De Tarifa a Isla Cristina, las conserveras que mantienen viva la tradición de la melva
Cinco marcas andaluzas que han hecho de la melva un icono gastronómico
En Andalucía, la melva forma parte del paisaje gastronómico tanto como el atún de almadraba o la caballa, si bien muchas veces vive a su sombra. Este pescado, pariente cercano del atún, es una joya de las costas andaluzas que ha conquistado el paladar de muchas personas en forma de conservas, montaditos y tapas caseras.
Su sabor intenso y su textura firme la han convertido en un ingrediente que resulta indispensable en muchas cocinas del sur, sobre todo cuando se combina con mayonesa, pimientos asados o un simple pan recién hecho.
La melva procede de las especies Auxis rochei y Auxis thazard, según detalla el Consejo Regulador de las Indicaciones Geográficas Protegidas de Andalucía.
Su cuerpo es alargado y robusto, con dos aletas dorsales separadas, revela su parentesco con los túnidos, si bien su carne ofrece una personalidad distinta: más delicada que la del atún, pero más sabrosa que la de la caballa.
En los mercados y tiendas especializadas se pueden hallar dos tipos principales como es la melva de almadraba, más grande y grasa, y la melva canutera, más pequeña, carnosa y con un sabor más pronunciado.
Esta última, muy apreciada por los amantes del producto fresco, aún se pesca hasta bien entrado el otoño y puede prepararse de diferentes formas, “encebollá al horno”, un plato clásico de la costa gaditana que resalta todo su aroma marino.

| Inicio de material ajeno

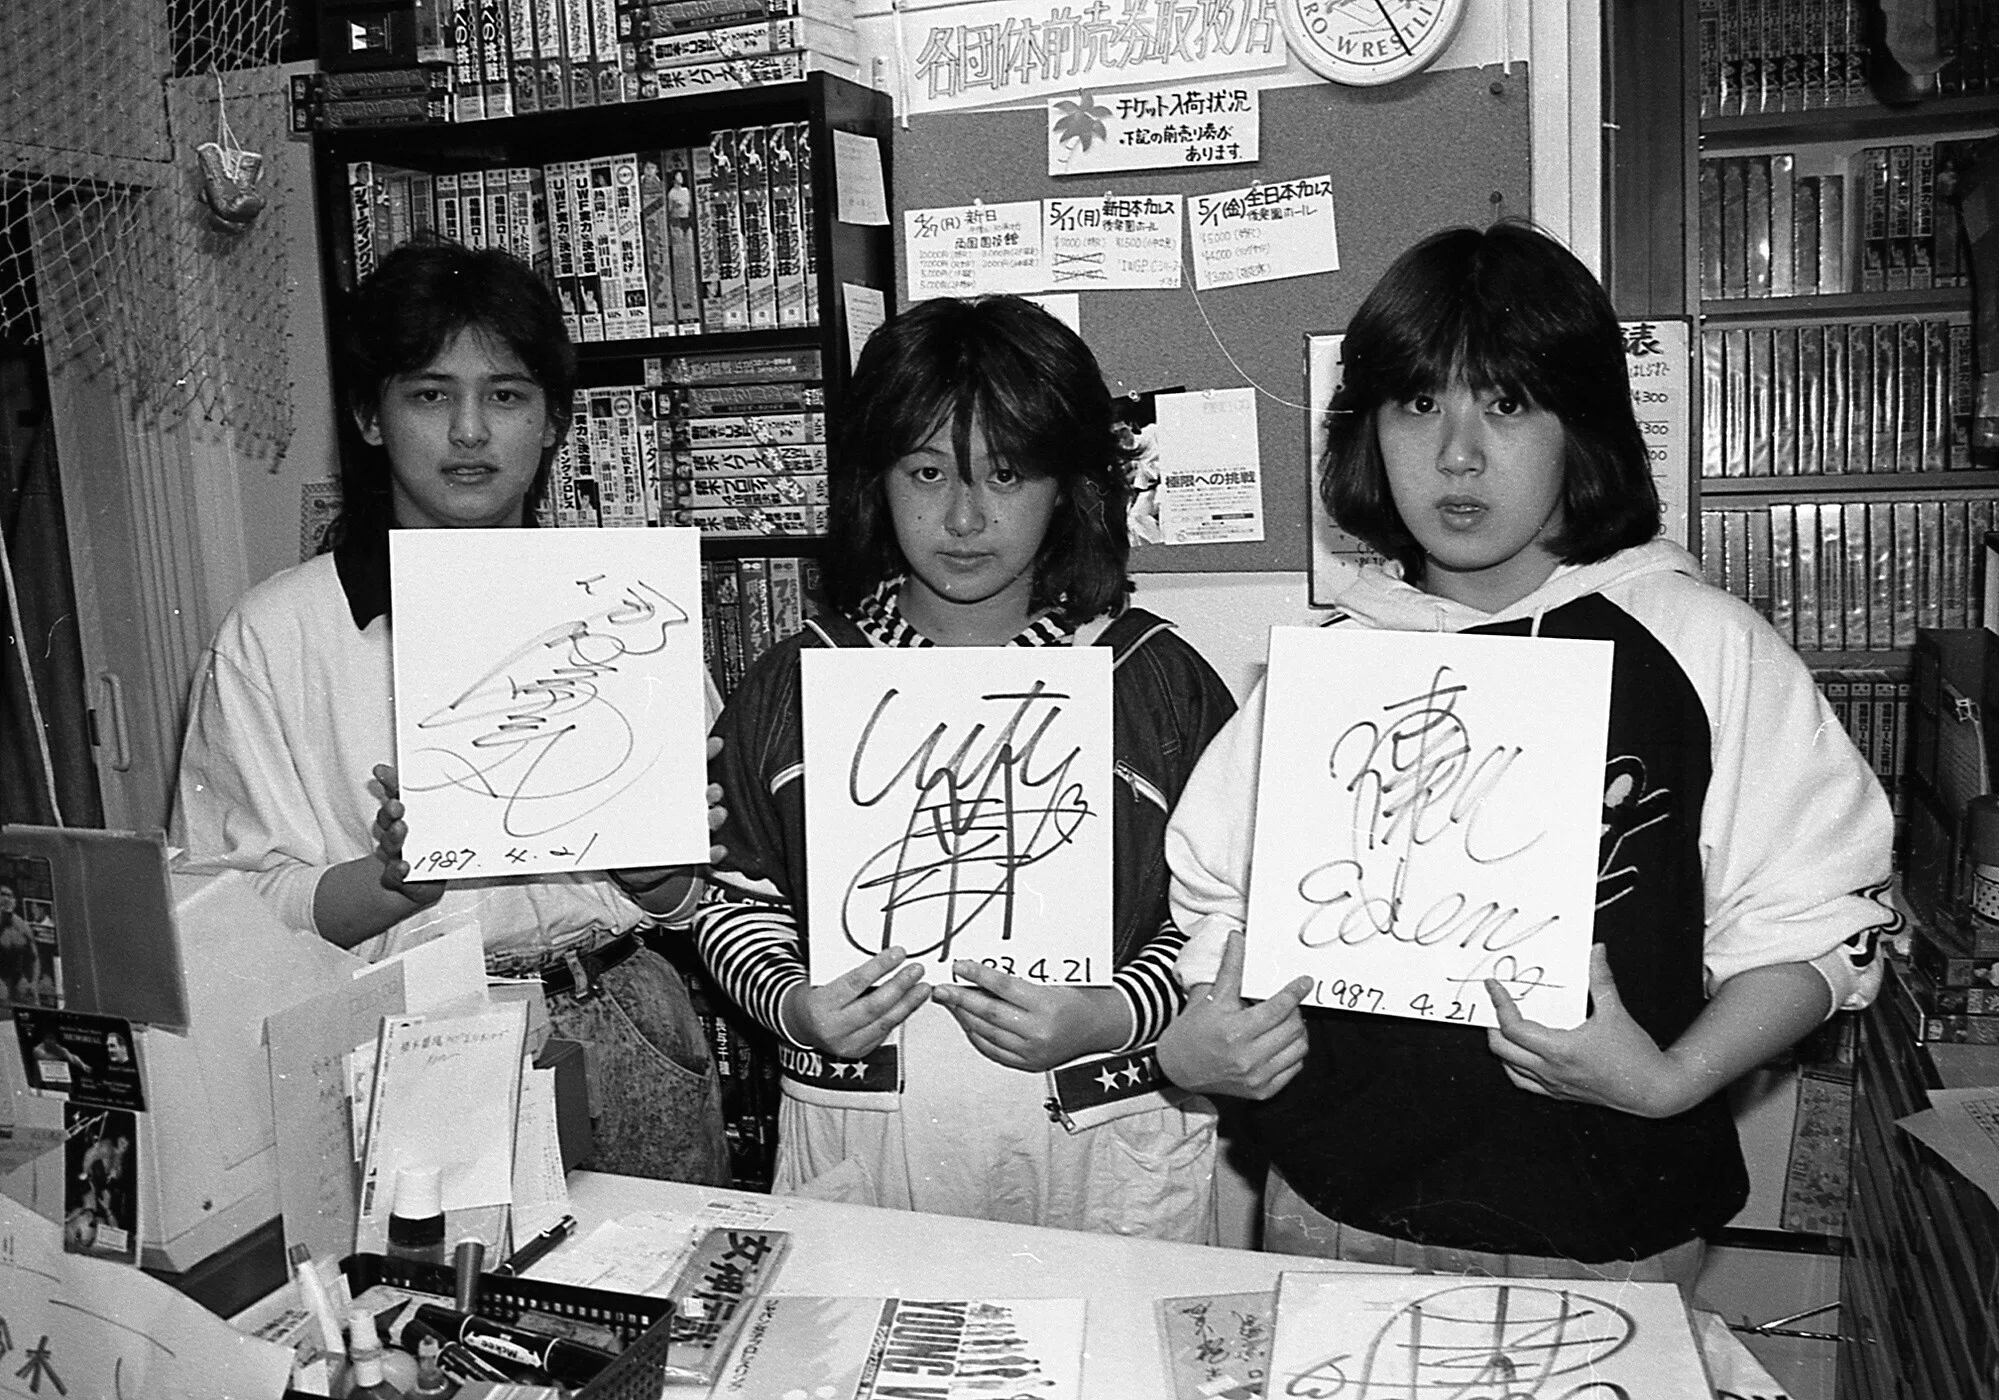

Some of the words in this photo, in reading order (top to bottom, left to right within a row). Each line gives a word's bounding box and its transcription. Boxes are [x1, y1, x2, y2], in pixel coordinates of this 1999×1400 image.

Las conserveras de caballa que mantienen viva la tradición
La Tarifeña: Desde Tarifa, la conservera La Tarifeña es todo un referente histórico. En su fábrica, las mujeres siguen realizando el corte y el pelado de los lomos a mano, como se ha hecho siempre.
Ofrecen la melva en aceite de oliva o girasol, e incluso en salsa catalana, un escabeche con pimentón dulce que viene a aportar un toque distinto. Su lata clásica, con filetes generosos en aceite de oliva, cuesta unos 3,30 euros y representa la esencia del sabor tradicional andaluz.
Herpac: A pocos kilómetros, en Barbate, la conservera Herpac continúa la herencia marinera de la zona. Conocida mucho por sus salazones, esta empresa ofrece una melva ligeramente más salada, ideal para aliños o ensaladas.
Igualmente, ha innovado con productos únicos como el atún en manteca de cerdo, una rareza que mezcla el espíritu del mar con el del desayuno andaluz. Su melva canutera en aceite de oliva, fina y de sabor tremendamente equilibrado, ronda los seis euros por lata de 125 gramos.
La Chanca: Otra joya barbateña es La Chanca, marca de la conservera Salpesca, con más de tres décadas de experiencia. Según el reputado periodista gastronómico Carlos Doncel, sus productos “tratan a la familia del atún mejor que muchos reyes a sus sirvientes”.
En su catálogo destacan los troncos de melva, perfectos para añadir a unas papas aliñás o a una ensalada de, por ejemplo, pimientos asados. La fábrica, que elabora más de 70 productos del mar, cuenta además con un museo del atún donde se puede conocer muy de cerca la historia de la almadraba.
Pesasur: En Ayamonte, Huelva, la empresa Pesasur ha dado un paso más allá al asociarse con el reconocido chef Ángel León (el "chef del mar") y su restaurante Aponiente.
De esa colaboración nacen siete variedades de conservas en salsa —que van desde un curry rojo hasta una versión a la roteña— que reinterpretan el producto clásico con un enfoque más gastronómico.
La melva a la roteña, en tarro de cristal de 195 gramos, tiene un precio aproximado de 6,47 euros y destacando mucho por su equilibrio entre tradición y modernidad.
Tejero: Finalmente, la conservera Tejero, desde Isla Cristina, es la cara más accesible de la melva andaluza. Es la marca más fácil de encontrar fuera del territorio, tanto en supermercados como en tiendas gourmet.
Sus versiones con pimientos del piquillo son un acierto para quienes buscan una comida rápida pero muy sabrosa: sobre unas patatas cocidas, con arroz blanco o en un bocadillo, la melva Tejero ofrece un bocado de mar con identidad andaluza.
La melva es un producto y un símbolo de la cultura costera andaluza, de la tradición conservera y del vínculo eterno entre el mar y la mesa. Aunque su fama no alcance la del atún rojo, quienes la conocen saben que detrás de cada lata hay una historia de manos expertas, de muchos oficios heredados y de sabores que resumen el espíritu del sur.